* _EXERCISE DESCRIPTION_: Without the pictures, write out all the lines below exactly as they appear.

Segment Start: GIVEN ENTRIES

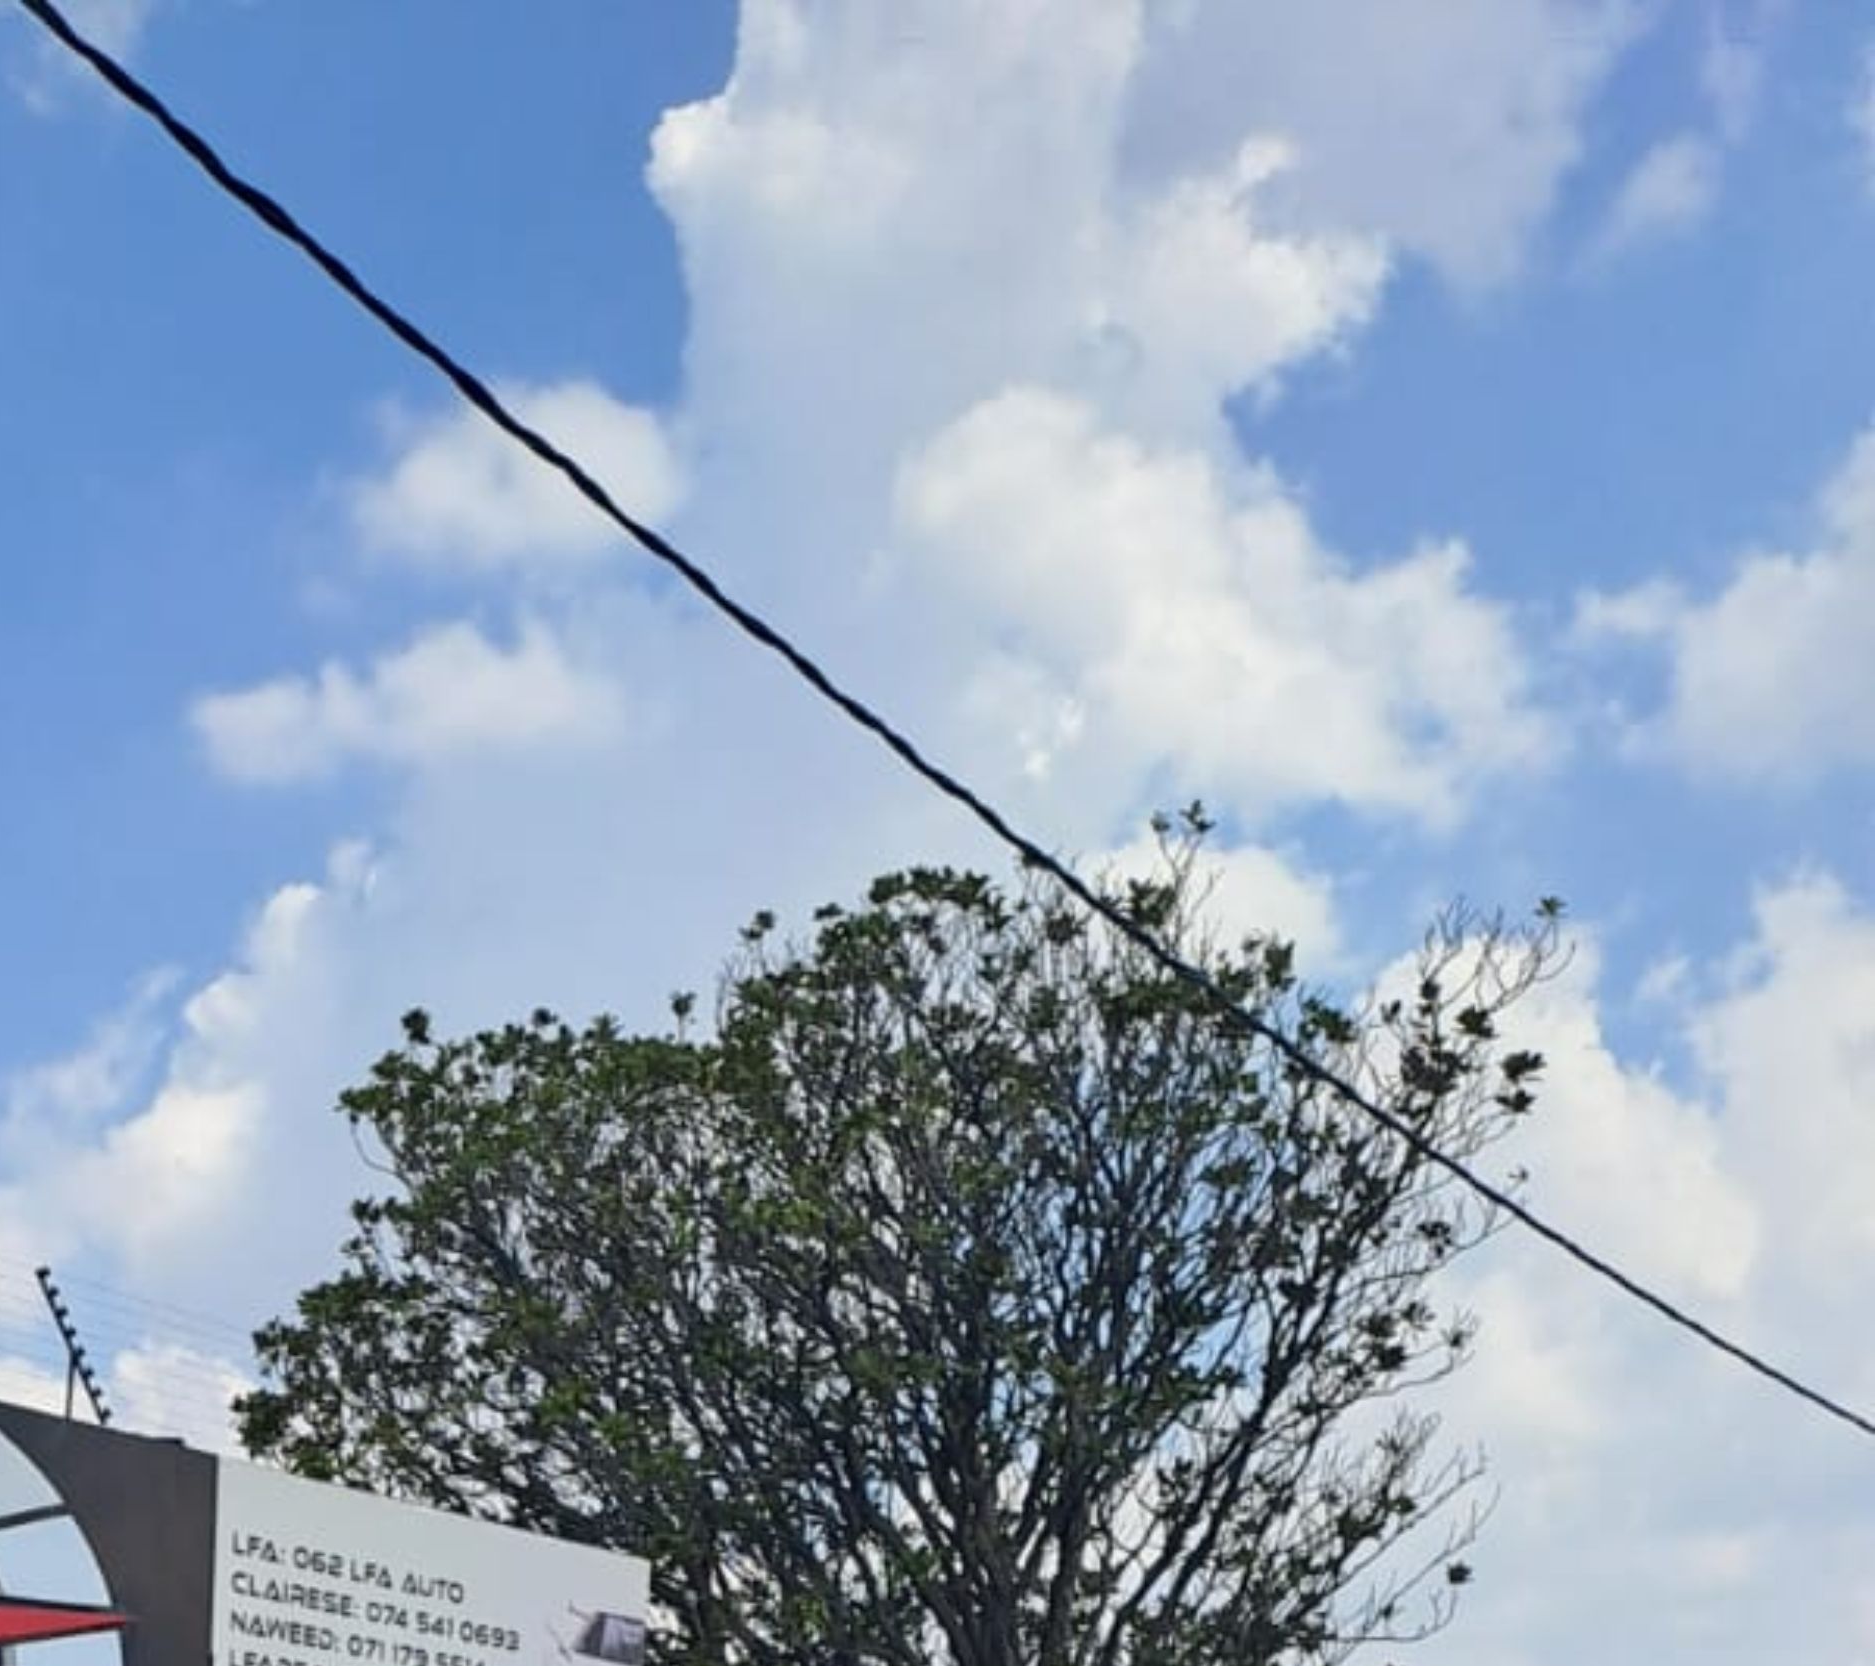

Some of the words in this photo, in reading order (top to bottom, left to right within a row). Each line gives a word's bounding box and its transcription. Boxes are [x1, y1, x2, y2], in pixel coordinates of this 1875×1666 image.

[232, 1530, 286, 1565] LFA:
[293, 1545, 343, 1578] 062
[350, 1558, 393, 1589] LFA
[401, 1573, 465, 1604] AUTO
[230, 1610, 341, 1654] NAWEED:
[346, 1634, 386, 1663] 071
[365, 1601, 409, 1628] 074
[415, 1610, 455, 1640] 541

Segment End: GIVEN ENTRIES

* _WRITTEN SOLUTION_:
Some of the words in this photo, in reading order (top to bottom, left to right within a row). Each line gives a word's bounding box and its transcription. Boxes are [x1, y1, x2, y2], in pixel coordinates of this 1875×1666 image.

[232, 1530, 286, 1565] LFA:
[293, 1545, 343, 1578] 062
[350, 1558, 393, 1589] LFA
[401, 1573, 465, 1604] AUTO
[230, 1610, 341, 1654] NAWEED:
[346, 1634, 386, 1663] 071
[365, 1601, 409, 1628] 074
[415, 1610, 455, 1640] 541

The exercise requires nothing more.